Rosenstock’s images manage to be both chaste and spectacular. That’s an impressive pair of qualities, impressive not least of all in how vast is the gulf that usually separates them. There’s a beauty beyond beauty in so many of these images. But so much in between gets left out. It’s telling that a person appears in only one of the photographs. Another one includes a horse. That’s it for flesh and blood. In both cases, it’s so startling to see a living creature - and then further startling to realize it’s so startling. Their presence makes you realize how often these photographs convey an under-glass quality.

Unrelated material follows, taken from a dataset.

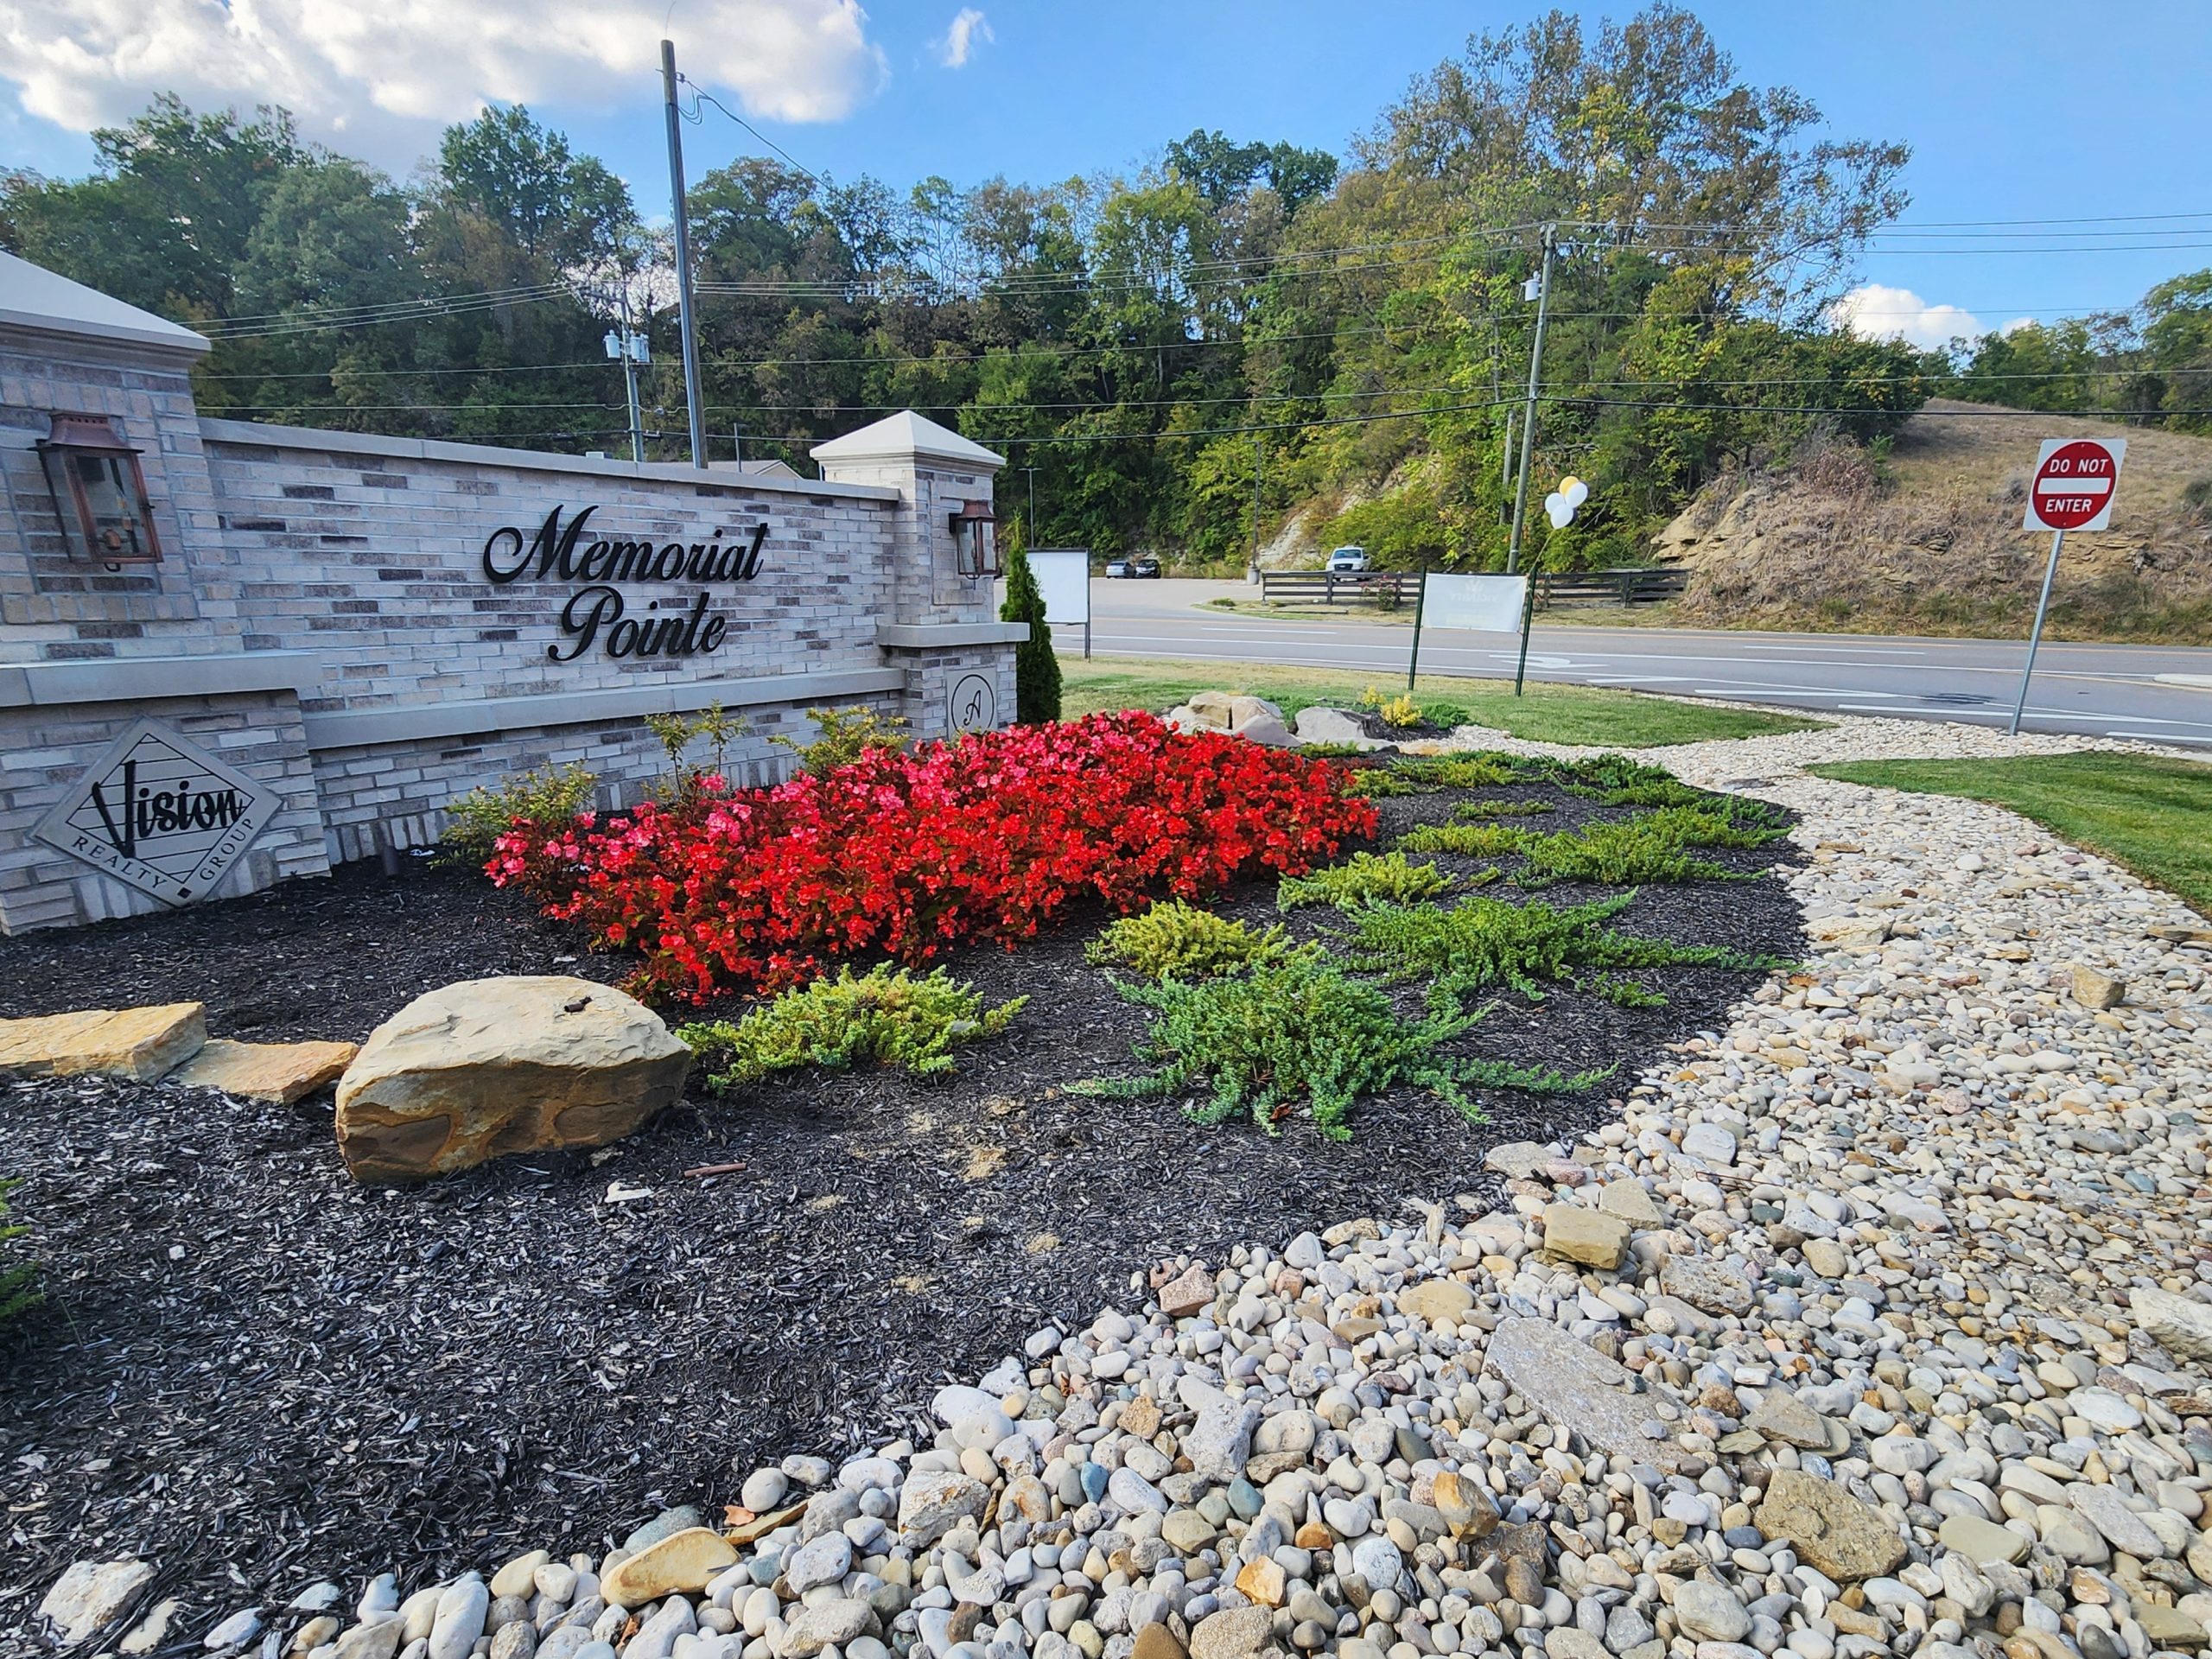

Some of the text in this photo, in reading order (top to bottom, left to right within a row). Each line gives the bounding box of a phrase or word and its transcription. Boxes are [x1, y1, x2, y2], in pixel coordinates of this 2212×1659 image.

The exceptions underscore this. A photograph of the roof of the Duomo, in Milan (another religious site), reveals a spindly, witty beauty. An array of thin stone pinnacles looks like religious stalagmites, which makes the cathedral top akin to a roofless cave. The image is striking and funny (in both senses of the word) and refreshingly uncategorizable.
Or there’s the matter of cloth, both figurative and literal. Rosenstock has been going to Ireland for 40 years now. His connection to the place is so palpable in these images that he’s surely earned the right to start calling himself O’Rosenstock. In one of his Irish landscapes, “Sheeffry Wood, County Mayo, Ireland,’’ the moss covering the trees is so luxuriant it could be fabric.

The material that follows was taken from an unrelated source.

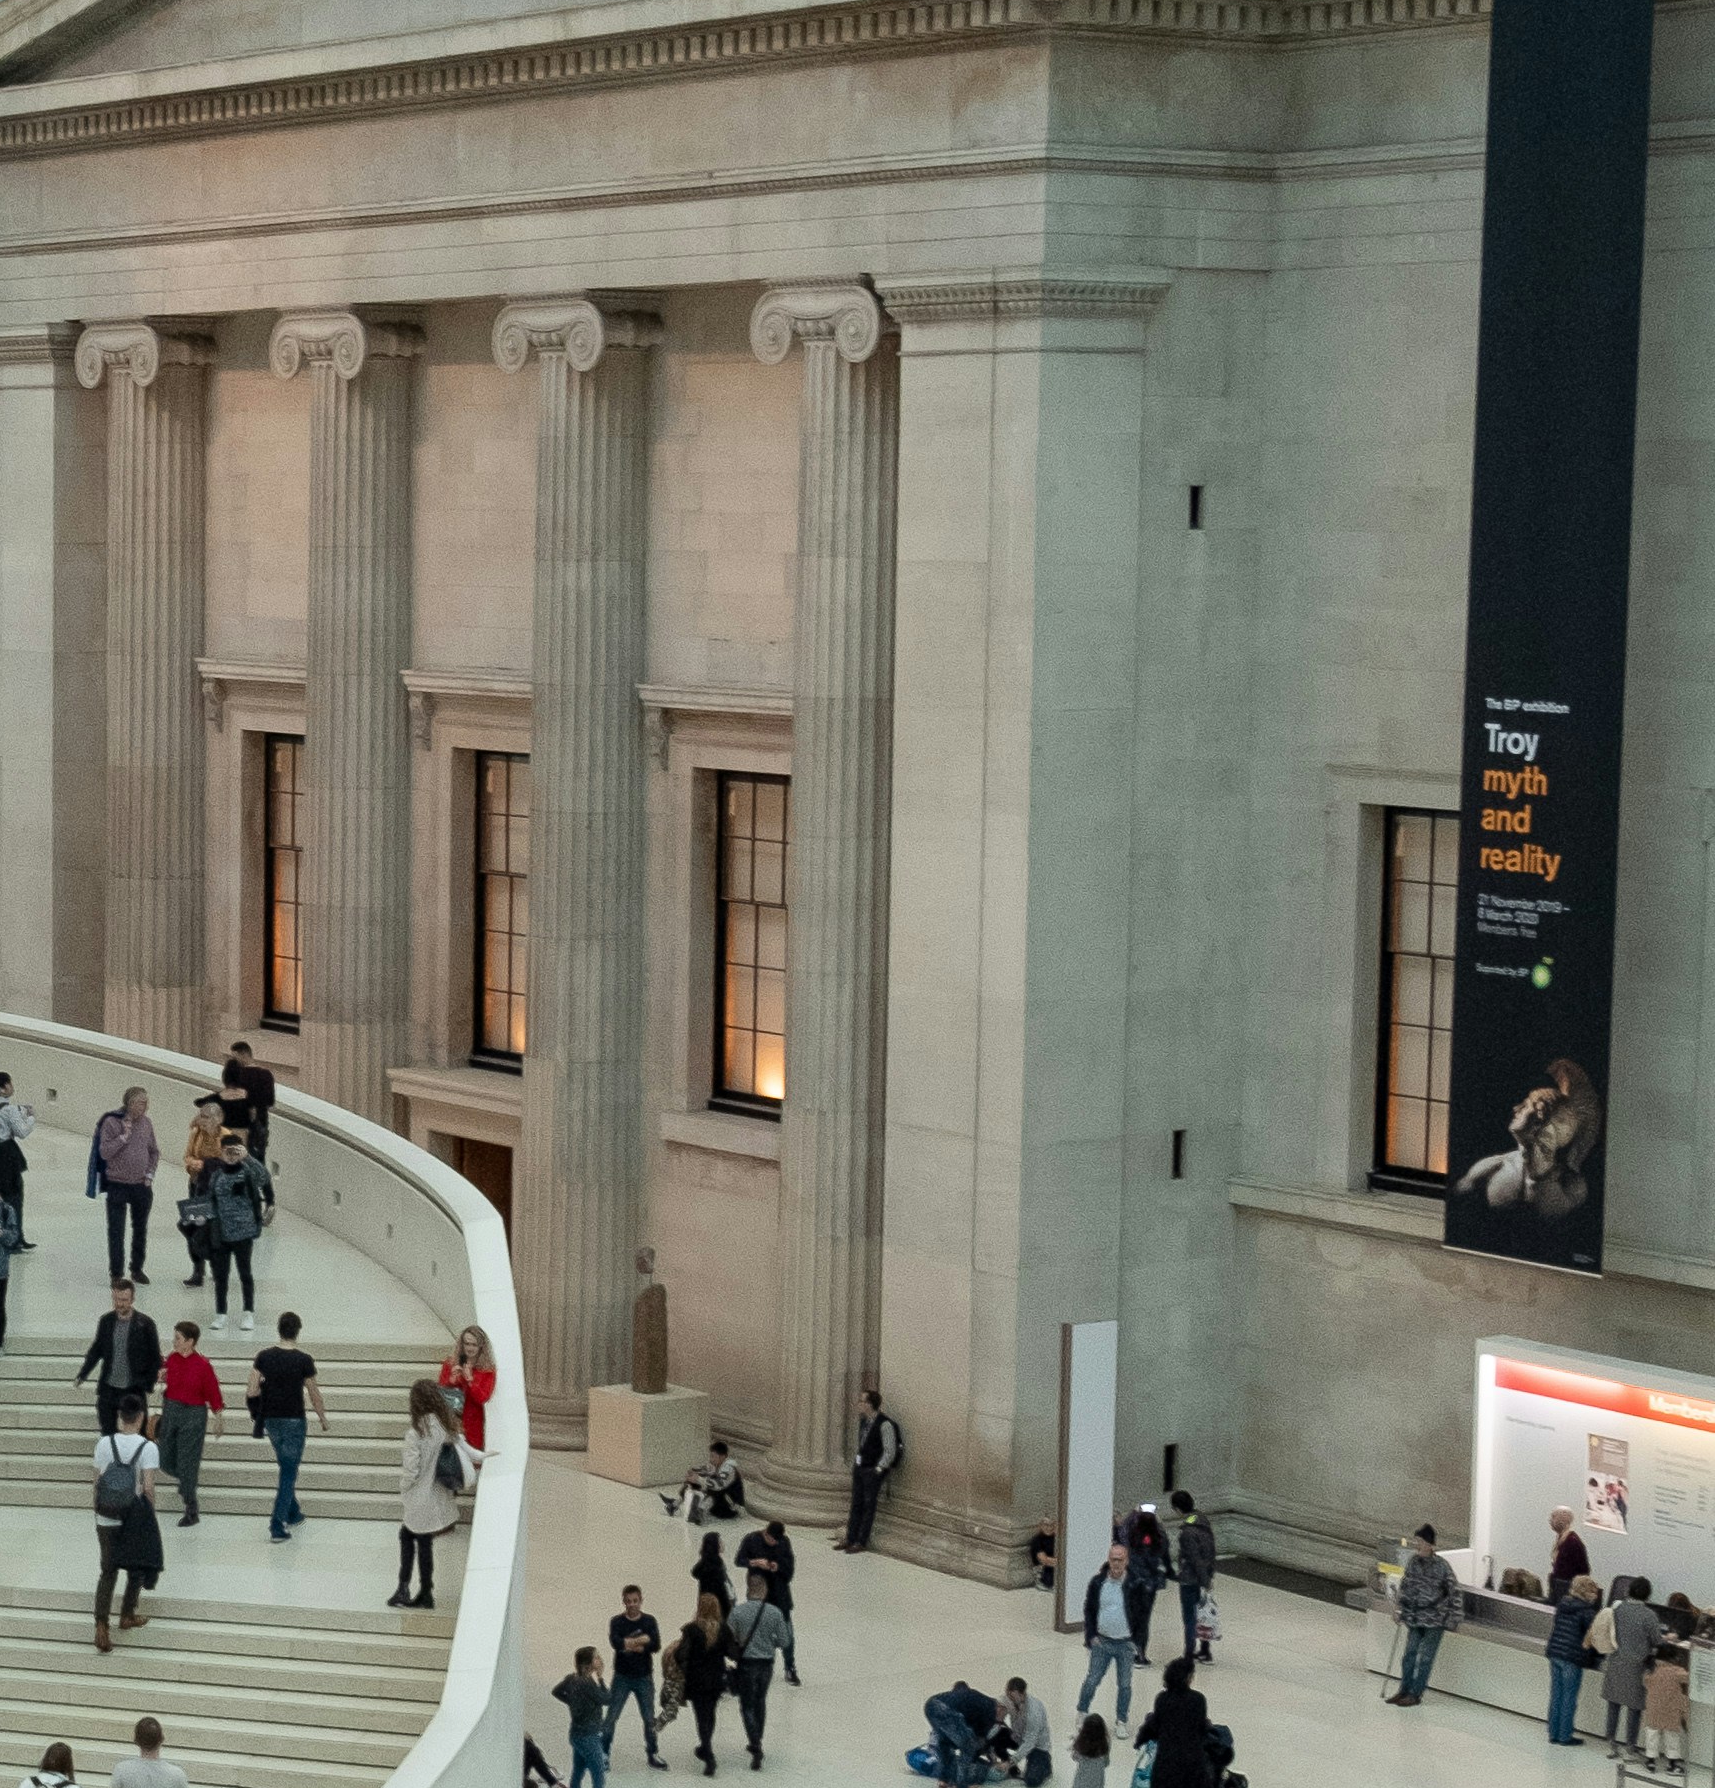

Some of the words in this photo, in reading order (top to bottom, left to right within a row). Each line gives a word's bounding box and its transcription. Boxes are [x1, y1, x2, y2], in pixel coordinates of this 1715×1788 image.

That’s the figurative cloth. The literal comes in “Monks’ Robes, Saint Antimo Abbey, Montalcino, Tuscany.’’ Three white robes hang on hooks on a dark wall. Nothing could be less mannered or more plain. Such plainness comes as something of a relief, frankly. There’s a charm and sense of mystery to this image unlike any other in the show. In the thick folds of the monks’ homely attire there resides such a sense of humanity, of lives lived. So many of the other photographs in “Hymn to the Earth’’ have the effect of making you want to step back, slightly awed. With “Monks’ Robes,’’ there’s a religious impulse, too, though it’s much more mundane. The urge is to get closer, to try to touch the hem of these garments.